Temporal changes of regional glucose use, blood flow, and microtubule-associated protein 2 immunostaining after hypoxia-ischemia in the immature rat brain.

In a situation with normal CBF and without increased energy utilization, increased glucose utilization (CMRglc) can be a sign of impaired mitochondrial metabolism, which may be an early step in the injury cascade during reperfusion after hypoxia-ischemia (HI). Seven-day-old rats underwent unilateral carotid artery ligation and 70 minutes of HI. At 3, 6, 12, 24, and 48 or 72 hours after the insult, the CMRglc was measured by the 2-deoxyglucose method, and CBF by the iodoantipyrine method. These were compared with hematoxylin-eosin staining and microtubule-associated protein 2 (MAP 2) immunostaining in adjacent sections. In the ipsilateral hemisphere, there appeared regions with increased CMRglc compared with the contralateral hemisphere 3 to 12 hours after HI that also showed partial loss of MAP 2 immunostaining and early ischemic changes. These areas receded, leaving central glucose hypoutilizing areas with complete loss of MAP 2 immunostaining and histologic infarction, surrounded by only a rim of tissue with increased CMRglc. At 24 and 72 hours after the insult, no regions with increased CMRglc remained.

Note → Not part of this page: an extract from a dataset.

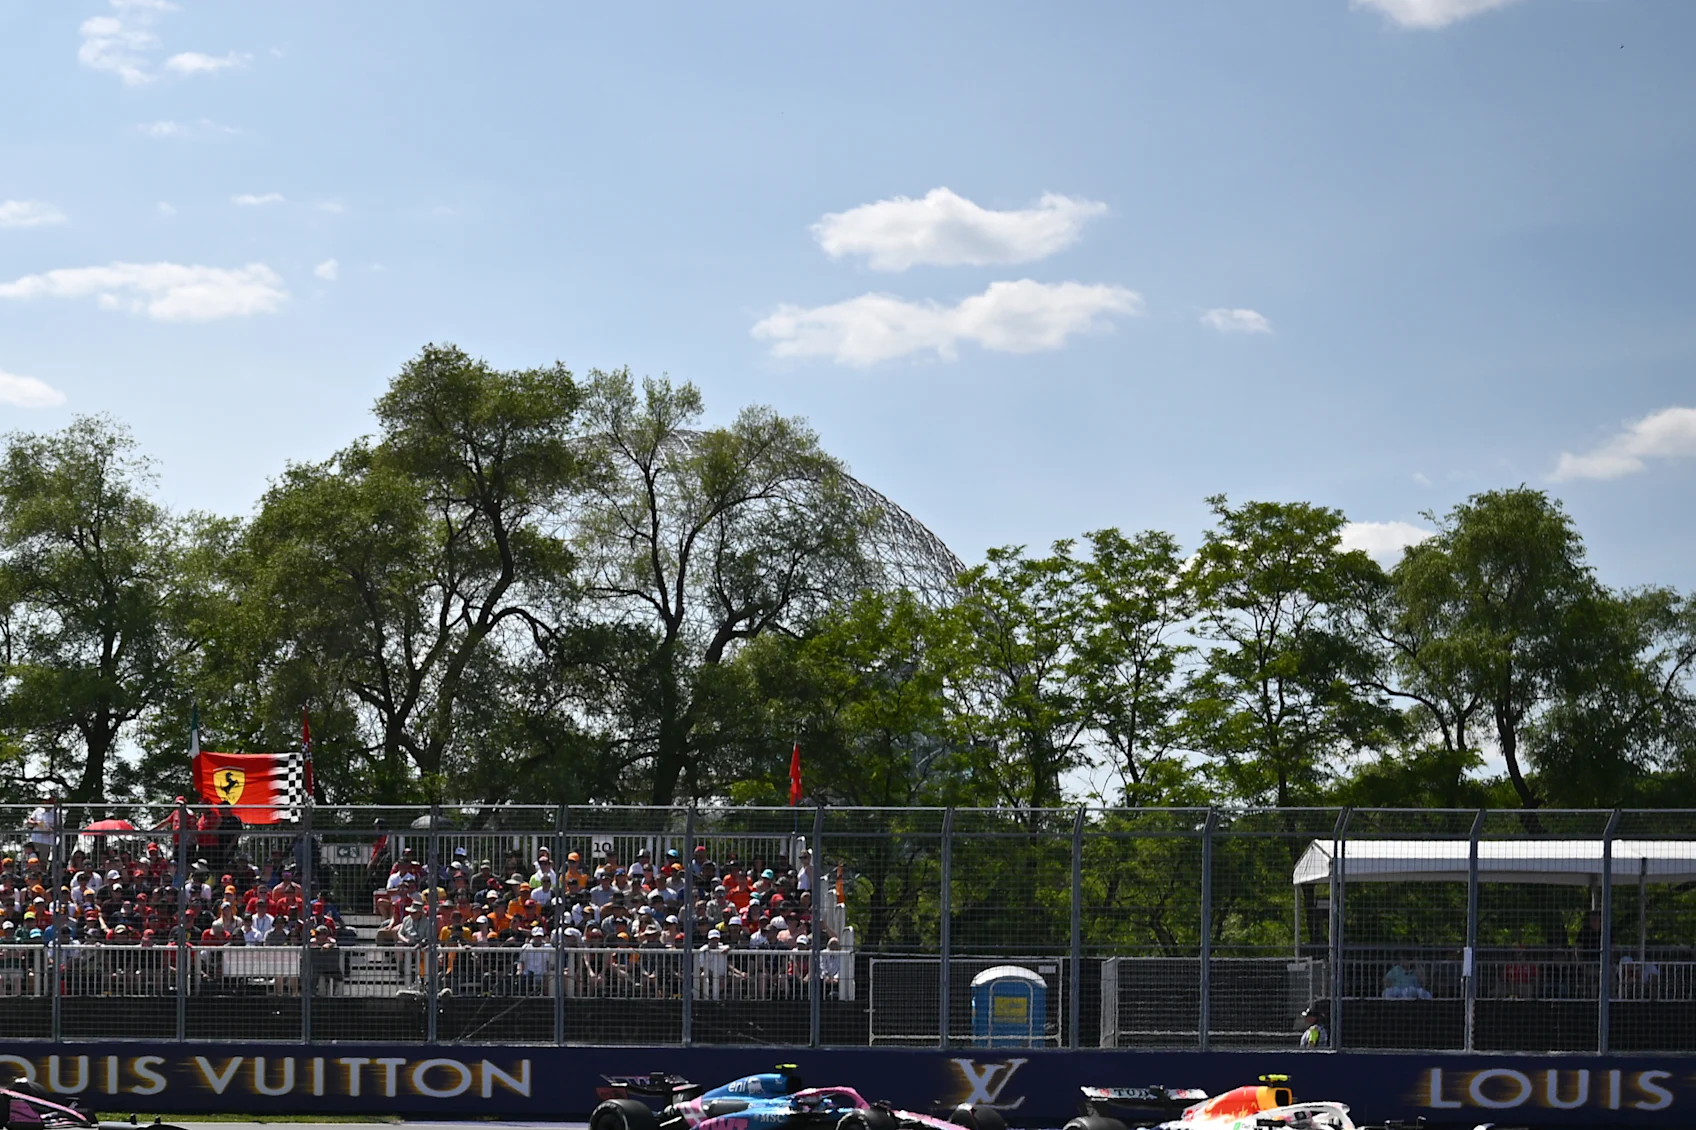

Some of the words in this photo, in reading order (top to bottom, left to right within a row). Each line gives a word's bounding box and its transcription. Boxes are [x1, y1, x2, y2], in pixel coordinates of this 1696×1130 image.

Despite loss of MAP 2 immunostaining and histologic signs of infarction at 24 hours, cortical CBF was not reduced until 48 hours after HI, whereas the CBF in the caudate-putamen already was decreased compared with the contralateral side at 3 hours after HI. In conclusion, early reperfusion is characterized by glucose hyperutilizing areas in the cerebral cortex, followed by a secondary phase with low CMRglc and infarction.